CourtU.S. District Court — Eastern District of North Carolina

MEMORANDUM & RECOMMENDATION

KIMBERLY A. SWANK UNITED STATES MAGISTRATE JUDGE

This matter is before the court on Defendant's motion to suppress [DE #83], which has been referred to the undersigned for memorandum and recommendation pursuant to 28 U.S.C § 636(b)(1)(B). The Government has responded in opposition [DE #84], and the time for further filings has expired. The matter is ripe for decision.

STATEMENT OF THE CASE

On July 29, 2020, a federal grand jury returned an indictment charging Brian Jackie Harper with distribution of a mixture and substance containing a quantity of heroin and fentanyl and a quantity of cocaine, in violation of 21 U.S.C. § 841(a)(1), and aiding and abetting in violation of 18 U.S.C § 2 (Count 2), and possession with the intent to distribute forty grams or more of a mixture and substance containing a detectable amount of heroin and fentanyl, and a quantity of cocaine, in violation of 21 U.S.C. § 841(a)(1) (Count 4). (Indictment [DE #1].)

On October 1, 2021, Defendant moved to suppress all evidence obtained or derived from the execution of state-court orders for disclosure of cell phone and GPS data and a state-court warrant to search Defendant's person and the residences and any vehicles located at 719 Melba Court and 4752 Seahawk Court in Wilmington, North Carolina. (Mot. Suppress [DE #83] at 1.) On October 15, 2021, the Government responded in opposition, arguing the searches and seizures complied with the Fourth Amendment. (Resp. Opp'n [DE #84].)

DISCUSSION

Defendant makes three arguments regarding the state-court orders for cell phone and GPS information: (i) these orders are not warrants and therefore evidence seized in connection with their execution is subject to suppression, (ii) these orders do not comply with North Carolina statutory requirements, and (iii) these orders are not supported by probable cause due to omission of material facts relating to the criminal informant (“CI”) by the affiant. (Mot. Suppress at 3-4.)
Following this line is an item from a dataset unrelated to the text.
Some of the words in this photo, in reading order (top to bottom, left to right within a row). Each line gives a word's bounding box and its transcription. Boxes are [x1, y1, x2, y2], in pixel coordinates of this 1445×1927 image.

As to the search warrant, Defendant argues that it (i) violates certain statutory sections of North Carolina procedural law applying to search warrants and is therefore “facially invalid, ” (ii) is overbroad to the extent it authorized a search of “anywhere [law enforcement officers] believed [Defendant] to have been” and any automobile located in the curtilage of the two specified residences, (iii) is based on an affidavit that lacks probable cause due to staleness of certain information, and (iv) is based on the affiant's omission of material information about the CI. (Mot. Suppress at 4-6.)
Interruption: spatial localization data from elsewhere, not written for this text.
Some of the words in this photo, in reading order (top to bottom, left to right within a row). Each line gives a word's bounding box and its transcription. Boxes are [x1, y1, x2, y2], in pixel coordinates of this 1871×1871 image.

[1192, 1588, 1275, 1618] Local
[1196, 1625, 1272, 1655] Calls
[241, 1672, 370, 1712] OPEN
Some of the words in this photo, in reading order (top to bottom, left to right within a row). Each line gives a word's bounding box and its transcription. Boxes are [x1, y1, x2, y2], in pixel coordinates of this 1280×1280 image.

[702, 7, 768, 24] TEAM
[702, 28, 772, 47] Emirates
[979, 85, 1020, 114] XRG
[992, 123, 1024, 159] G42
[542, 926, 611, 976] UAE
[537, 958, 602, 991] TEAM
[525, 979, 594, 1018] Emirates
Before analyzing Defendant's arguments, the undersigned summarizes these state-court orders and search warrant, which the Government has submitted as exhibits to its brief.

I. The Orders and Warrant

On March 2, 2020, North Carolina Superior Court Judge George F Jones (“Judge Jones”) issued an order authorizing use of a pen register and/or trap and trace device for a telephone number believed to be used by Defendant. (Resp. Opp'n, Ex. A [DE #84-1] (“PRTT Order”).) Detective B.D. Chisholm of the Wilmington, North Carolina, Police Department applied for this order, which Judge Jones issued pursuant to both federal and state statutory law. (PRTT Order at 6-7, 12 (referencing 18 U.S.C. §§ 2703(d), 3122-3127, and N.C. Gen. Stat. §§ 15A-260 through -264).)

On March 4, 2020, Judge Jones issued an order, upon application from Detective Chisholm, authorizing installation of a global positioning system (“GPS”) tracking device on a 2013 Lincoln MKZ automobile believed to have been used by Defendant in connection with drug trafficking. (Resp. Opp'n, Ex. C [DE #84-3] (“Lincoln GPS Order”).) Next, on March 9, 2020, again upon application from Detective Chisholm, Judge Jones issued an order authorizing installation of a GPS tracking device on a 2000 Ford F-150 vehicle believed to have been used by Defendant in connection with drug trafficking. (Resp. Opp'n, Ex. B [DE #84-2] (“Ford GPS Order”).) For ease of use, the undersigned will refer collectively to these as “the GPS Orders.”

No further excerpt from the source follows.